The cruelty of these measures is only matched by the lack of necessity to do this when measured against the £22bn black hole Labour are still claiming they didn’t know about, yet clearly did, when it was pointed out to them and us by the likes of the OBR and the IFS.
To scrap that two child benefit cap would cost just £3.6bn and the saving from the winter fuel allowance axe coming down is just £1.5bn, so the impact against their purported £22bn black hole, which they conspicuously won’t publicise a breakdown of, making it all the more suspect, is pretty negligible but if I now said to you these cuts could be reversed and Labour’s £22bn black hole could still be plugged with more cash left over, you’d be interested right? How about them ignoring that and carrying on with the austerity they’re clearly dead set on meting out in the budget – that is now completely unnecessary - actually causing more damage instead and still they plan on ploughing on with it? Labour’s incompetence is only exceeded by their cruelty. Two months in and we clearly have a sociopathic government, see if you think different as I explain all of this.
Right, so buyer’s remorse is now at record breaking levels as two months of Starmer and Reeves ruining the country in pretty much exactly the same manner as the Tories did before them has seen record breaking levels of polling collapse.
By-elections are showing Labour’s vote dropping in double digits, 6 by-election defences as I covered in a video the other day showing a collective vote collapse of nearly 20 points as an average across them all and in an Opinium poll today, Starmer’s Labour government, just two months in has, by a 30 point margin, been regarded as a failure already. YouGov have polled that buyers remorse and discovered 1 in every 7 people who voted Labour in July now regret doing so and over the same time period, Opinium have also discovered Starmer’s own approval ratings have fallen by 45 points, is now lower than Rishi Sunak’s, and we still have the budget yet to come, still just over a month away as that is.

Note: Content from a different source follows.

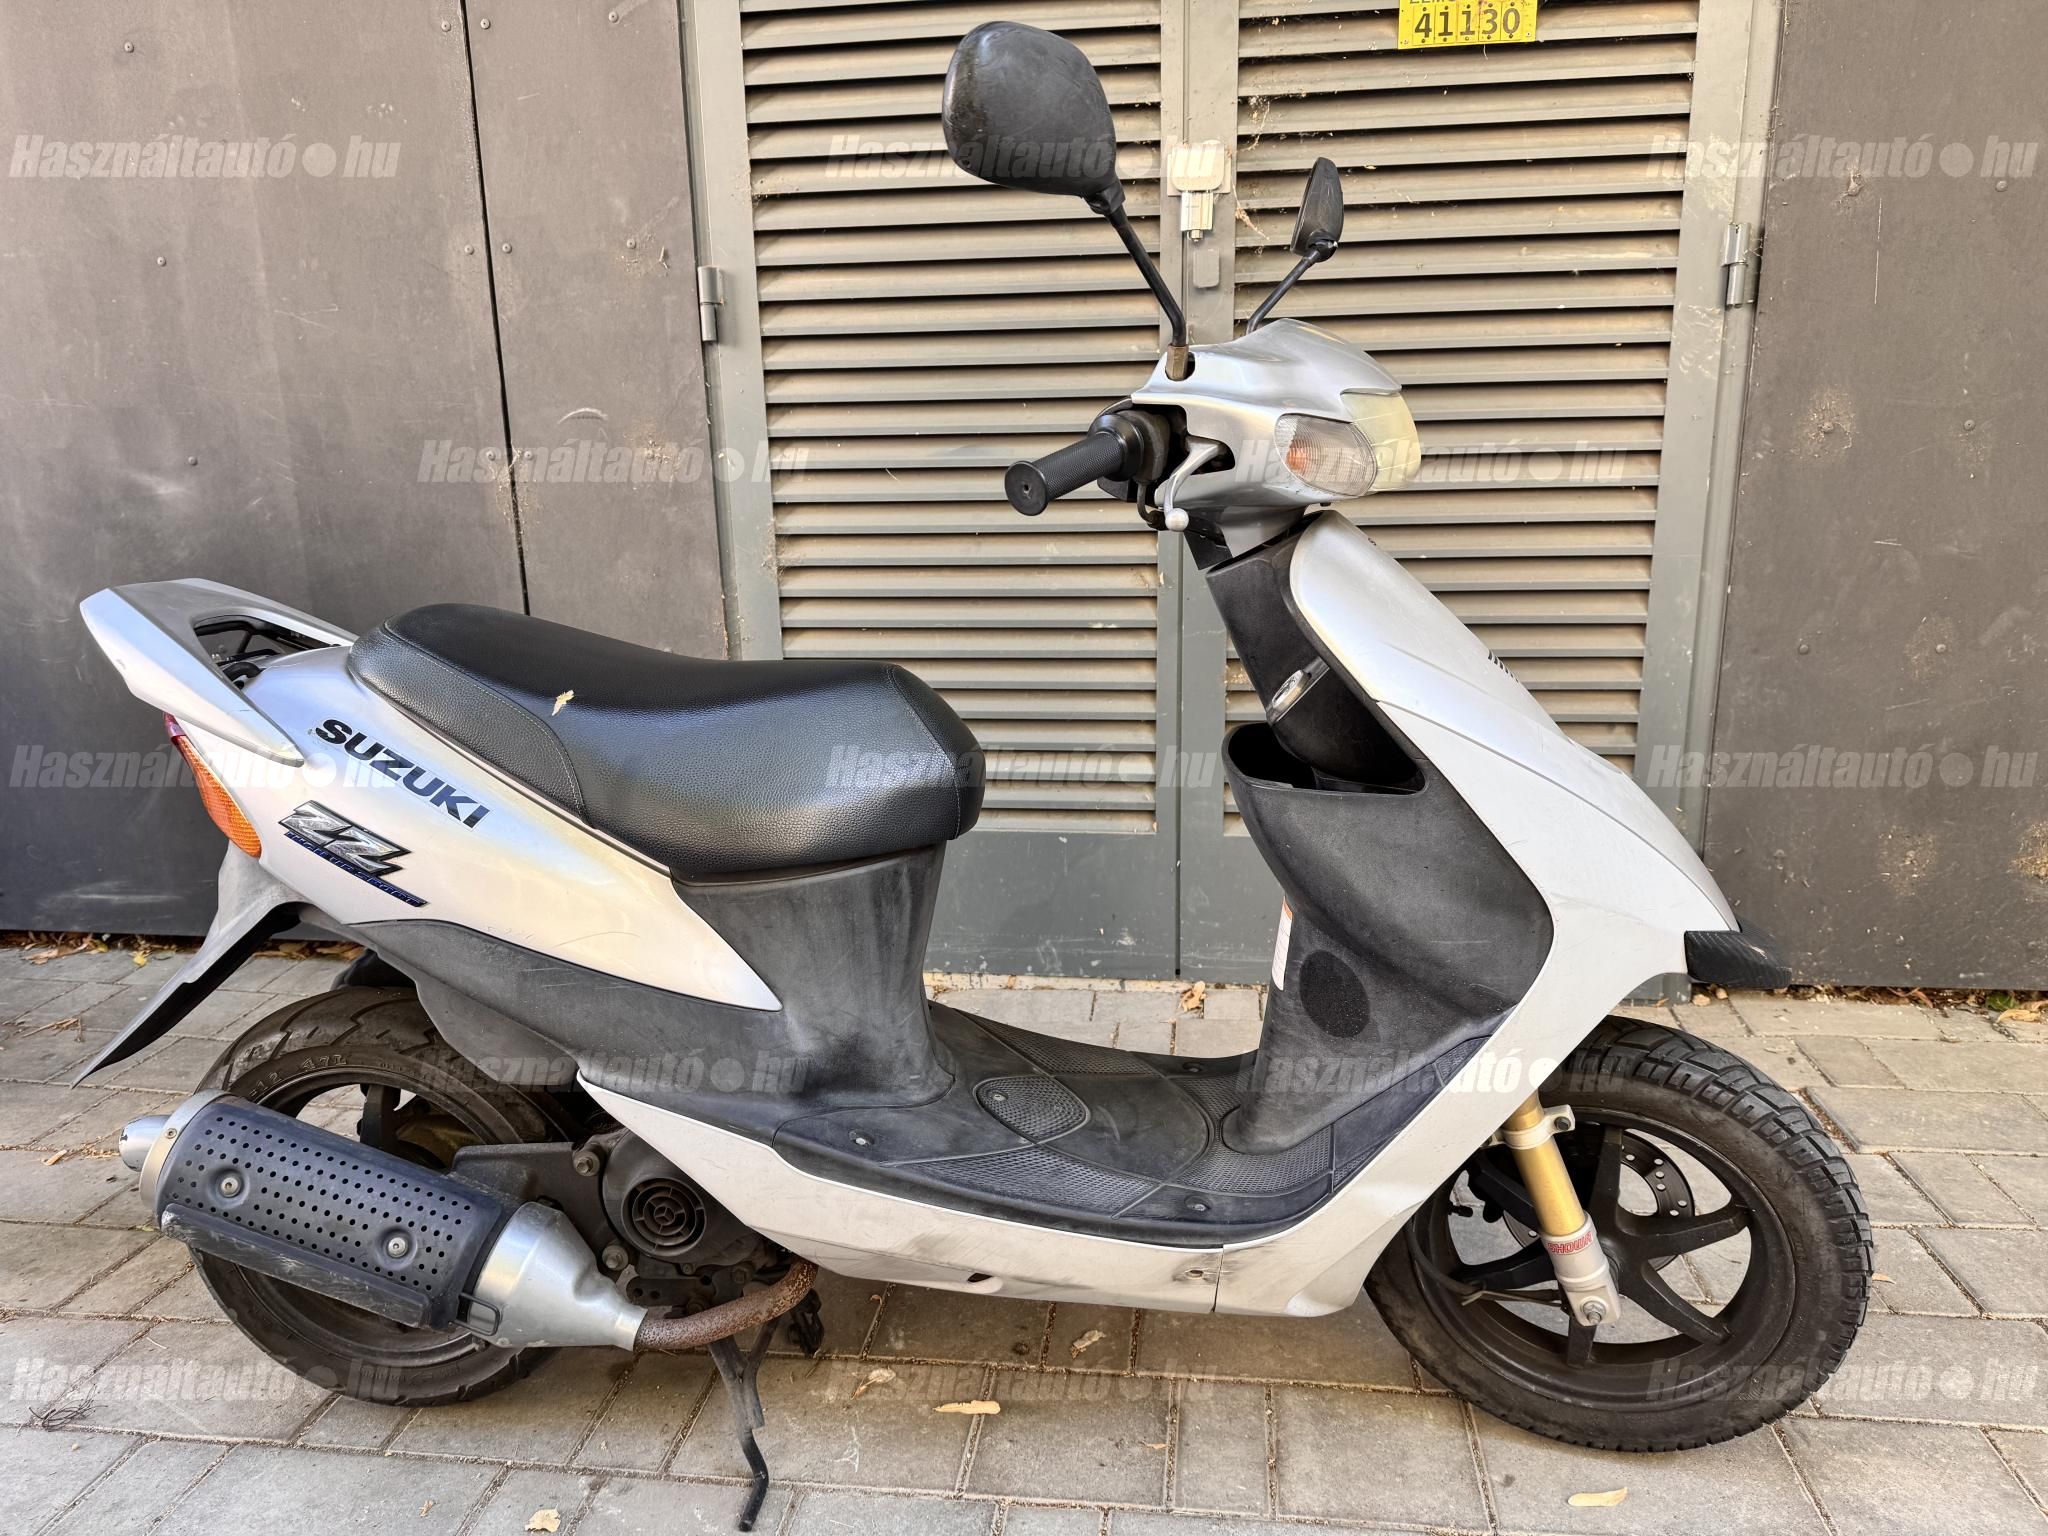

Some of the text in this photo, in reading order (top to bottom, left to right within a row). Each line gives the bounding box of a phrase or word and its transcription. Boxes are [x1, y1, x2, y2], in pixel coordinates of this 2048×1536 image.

[1414, 8, 1521, 38] 41130
[315, 718, 490, 829] SUZUKI
[1548, 1231, 1592, 1254] SHOWA

Perhaps that is half of the problem though? Labour have been saying how awful the budget will have to be because of how the Tories left the public finances, won’t detail that but just fill us with a sense of impending dread and having already left kids in poverty to remain there and having stripped 10m pensioners of their winter fuel allowance meaning many more will likely die this winter from the cold completely unnecessarily, you wonder about just how much worse Labour are set to make things. It's no wonder therefore that their polling is in freefall.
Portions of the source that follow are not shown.